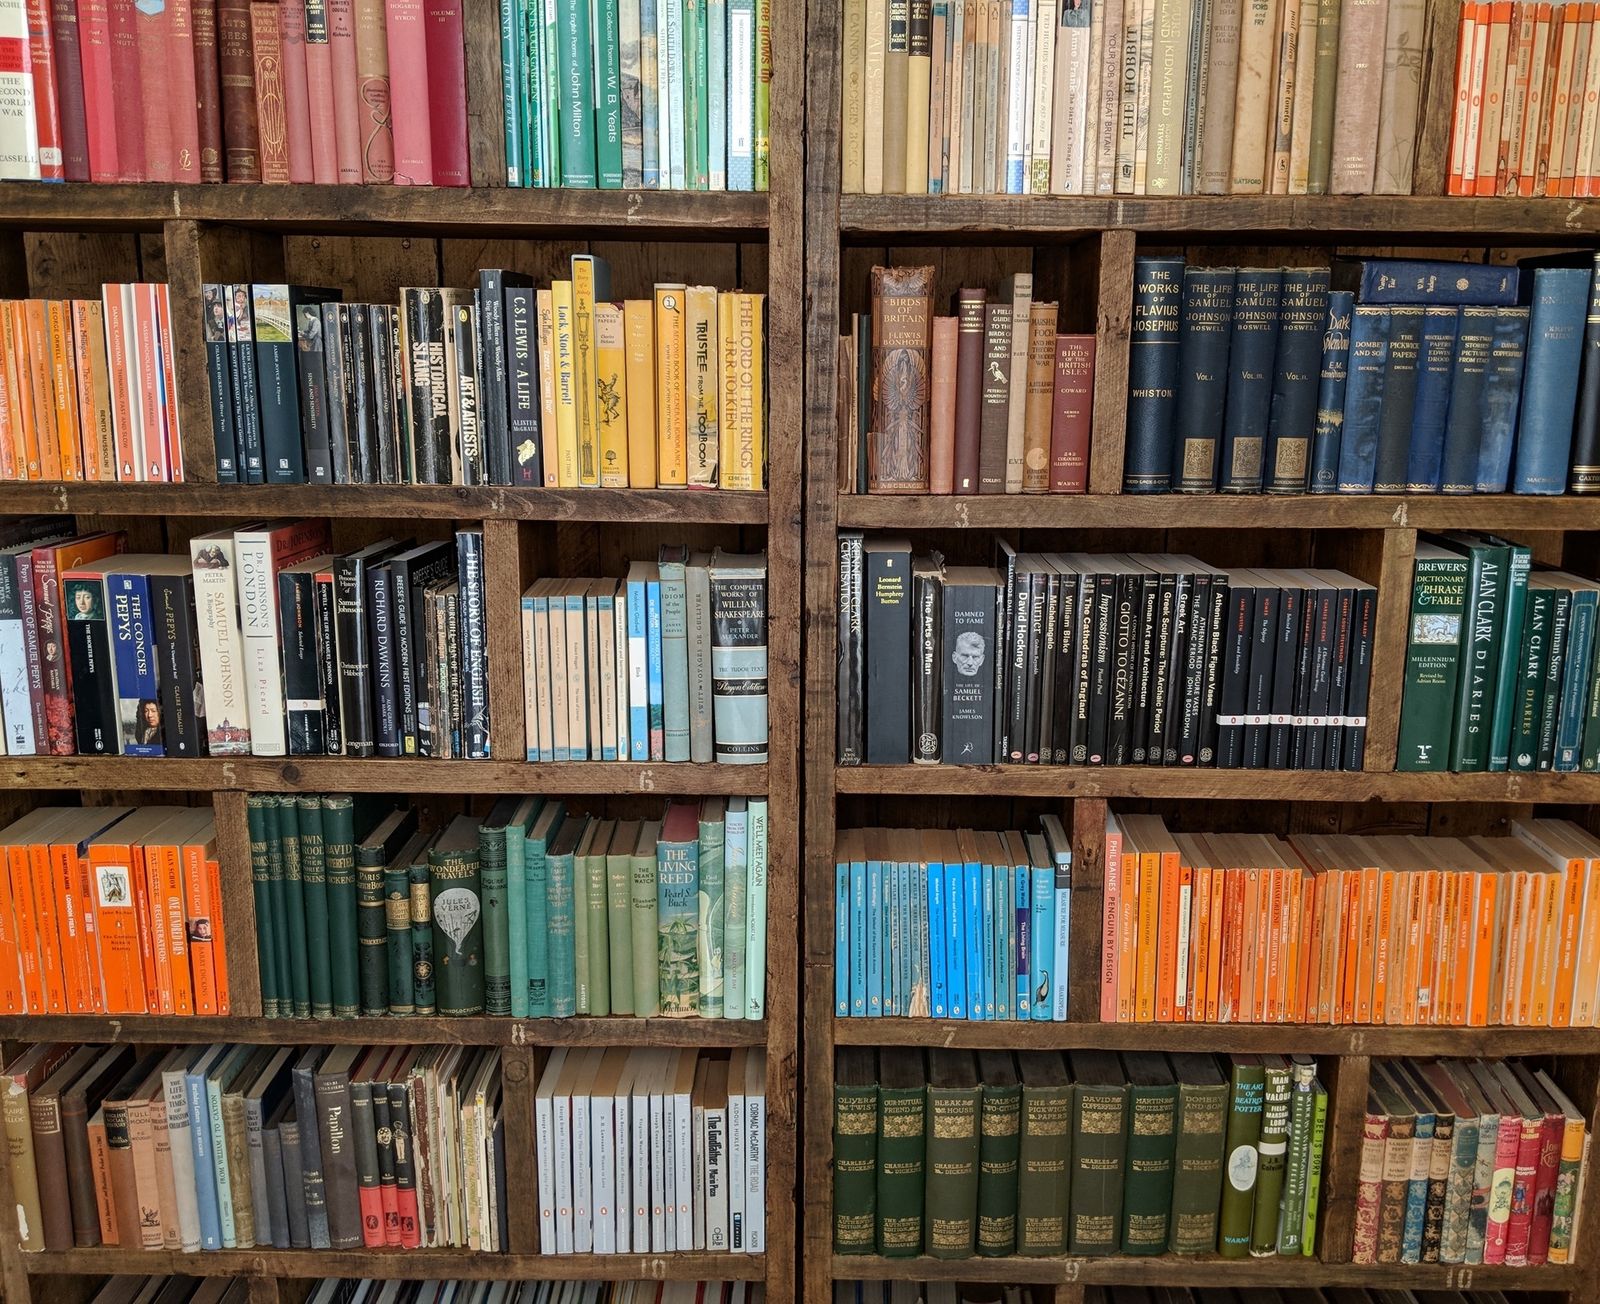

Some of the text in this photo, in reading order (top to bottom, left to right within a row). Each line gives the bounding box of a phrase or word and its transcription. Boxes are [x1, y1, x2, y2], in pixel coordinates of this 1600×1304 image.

[757, 25, 770, 83] grows up
[1123, 27, 1138, 139] THE HOBBIT
[1163, 45, 1173, 117] KIDNAPPED
[572, 69, 582, 138] John Milton
[608, 109, 617, 143] Yeats
[1104, 121, 1112, 157] BRITAIN
[1156, 123, 1164, 165] STEVENSON
[1139, 284, 1179, 293] WORKS
[1188, 299, 1231, 308] SAMUEL
[1236, 298, 1278, 307] SAMUEL
[1282, 298, 1325, 307] SAMUEL
[883, 315, 925, 323] BRITAIN
[1134, 321, 1178, 331] JOSEPHUS
[1135, 306, 1178, 316] FLAVIUS
[1186, 312, 1231, 322] JOHNSON
[1233, 312, 1277, 320] JOHNSON
[1279, 312, 1324, 321] JOHNSON
[413, 342, 430, 386] SLANG
[559, 331, 569, 357] Stock
[429, 342, 446, 418] HISTORICAL
[460, 375, 474, 395] ART
[518, 381, 530, 410] LIFE
[561, 370, 573, 406] Barrel!
[696, 320, 708, 468] TRUSTEE TOOLROOM
[741, 298, 753, 468] THE LORD OF THE RINGS
[725, 374, 737, 430] TOLKIEN
[1418, 562, 1467, 572] BREWER'S
[242, 552, 258, 628] LONDON
[257, 570, 269, 629] JOHNSON'S
[925, 594, 933, 613] The
[1179, 593, 1188, 618] Greek
[1423, 585, 1463, 594] PHRASE
[1432, 596, 1462, 605] FABLE
[115, 594, 132, 641] PEPYS
[466, 551, 484, 706] THE STORY ENGLISH
[925, 617, 933, 639] Arts
[1014, 593, 1028, 669] David Hockney
[1033, 592, 1045, 634] Turner
[1047, 595, 1057, 650] Michelangelo
[1062, 595, 1072, 653] William Blake
[1097, 593, 1112, 663] Impressionism
[24, 590, 41, 689] DIARY SAMUEL PEPYS
[132, 595, 148, 676] THE CONCISE
[214, 592, 234, 707] SAMUEL JOHNSON
[374, 580, 391, 688] RICHARD DAWKINS
[1140, 593, 1156, 708] Roman Art Architecture
[1207, 592, 1224, 707] Athenian Black Figure Vases
[1469, 562, 1498, 734] ALAN CLARK DIARIES
[1547, 596, 1568, 682] The Human Story
[398, 604, 412, 714] GUIDE MODERN EDITIONS
[1078, 597, 1093, 720] The Cathedrals England
[1114, 602, 1131, 721] GIOTTO CÉZANNE
[1153, 592, 1172, 734] Greek Archaic Period
[1522, 596, 1546, 736] ALAN CLARK DIARIES
[222, 763, 236, 785] 5
[435, 870, 475, 879] TRAVELS
[658, 861, 696, 872] LIVING
[665, 849, 687, 860] THE
[660, 873, 694, 884] REED
[1108, 861, 1117, 892] BAINES
[441, 904, 471, 912] VERNE
[668, 898, 689, 908] Buck
[1107, 896, 1115, 937] PENGUIN
[1272, 1076, 1289, 1085] MAN
[327, 1106, 343, 1154] Papillon
[750, 1103, 759, 1130] CORMAC
[1270, 1119, 1285, 1127] LORD
[1312, 1118, 1325, 1175] BEE BORN
^^^^
Print the full listing exactly, dropping the pictures.

Some of the text in this photo, in reading order (top to bottom, left to right within a row). Each line gives the bounding box of a phrase or word and its transcription. Boxes are [x1, y1, x2, y2], in pixel coordinates of this 1600×1304 image.

[757, 25, 770, 83] grows up
[1123, 27, 1138, 139] THE HOBBIT
[1163, 45, 1173, 117] KIDNAPPED
[572, 69, 582, 138] John Milton
[608, 109, 617, 143] Yeats
[1104, 121, 1112, 157] BRITAIN
[1156, 123, 1164, 165] STEVENSON
[1139, 284, 1179, 293] WORKS
[1188, 299, 1231, 308] SAMUEL
[1236, 298, 1278, 307] SAMUEL
[1282, 298, 1325, 307] SAMUEL
[883, 315, 925, 323] BRITAIN
[1134, 321, 1178, 331] JOSEPHUS
[1135, 306, 1178, 316] FLAVIUS
[1186, 312, 1231, 322] JOHNSON
[1233, 312, 1277, 320] JOHNSON
[1279, 312, 1324, 321] JOHNSON
[413, 342, 430, 386] SLANG
[559, 331, 569, 357] Stock
[429, 342, 446, 418] HISTORICAL
[460, 375, 474, 395] ART
[518, 381, 530, 410] LIFE
[561, 370, 573, 406] Barrel!
[696, 320, 708, 468] TRUSTEE TOOLROOM
[741, 298, 753, 468] THE LORD OF THE RINGS
[725, 374, 737, 430] TOLKIEN
[1418, 562, 1467, 572] BREWER'S
[242, 552, 258, 628] LONDON
[257, 570, 269, 629] JOHNSON'S
[925, 594, 933, 613] The
[1179, 593, 1188, 618] Greek
[1423, 585, 1463, 594] PHRASE
[1432, 596, 1462, 605] FABLE
[115, 594, 132, 641] PEPYS
[466, 551, 484, 706] THE STORY ENGLISH
[925, 617, 933, 639] Arts
[1014, 593, 1028, 669] David Hockney
[1033, 592, 1045, 634] Turner
[1047, 595, 1057, 650] Michelangelo
[1062, 595, 1072, 653] William Blake
[1097, 593, 1112, 663] Impressionism
[24, 590, 41, 689] DIARY SAMUEL PEPYS
[132, 595, 148, 676] THE CONCISE
[214, 592, 234, 707] SAMUEL JOHNSON
[374, 580, 391, 688] RICHARD DAWKINS
[1140, 593, 1156, 708] Roman Art Architecture
[1207, 592, 1224, 707] Athenian Black Figure Vases
[1469, 562, 1498, 734] ALAN CLARK DIARIES
[1547, 596, 1568, 682] The Human Story
[398, 604, 412, 714] GUIDE MODERN EDITIONS
[1078, 597, 1093, 720] The Cathedrals England
[1114, 602, 1131, 721] GIOTTO CÉZANNE
[1153, 592, 1172, 734] Greek Archaic Period
[1522, 596, 1546, 736] ALAN CLARK DIARIES
[222, 763, 236, 785] 5
[435, 870, 475, 879] TRAVELS
[658, 861, 696, 872] LIVING
[665, 849, 687, 860] THE
[660, 873, 694, 884] REED
[1108, 861, 1117, 892] BAINES
[441, 904, 471, 912] VERNE
[668, 898, 689, 908] Buck
[1107, 896, 1115, 937] PENGUIN
[1272, 1076, 1289, 1085] MAN
[327, 1106, 343, 1154] Papillon
[750, 1103, 759, 1130] CORMAC
[1270, 1119, 1285, 1127] LORD
[1312, 1118, 1325, 1175] BEE BORN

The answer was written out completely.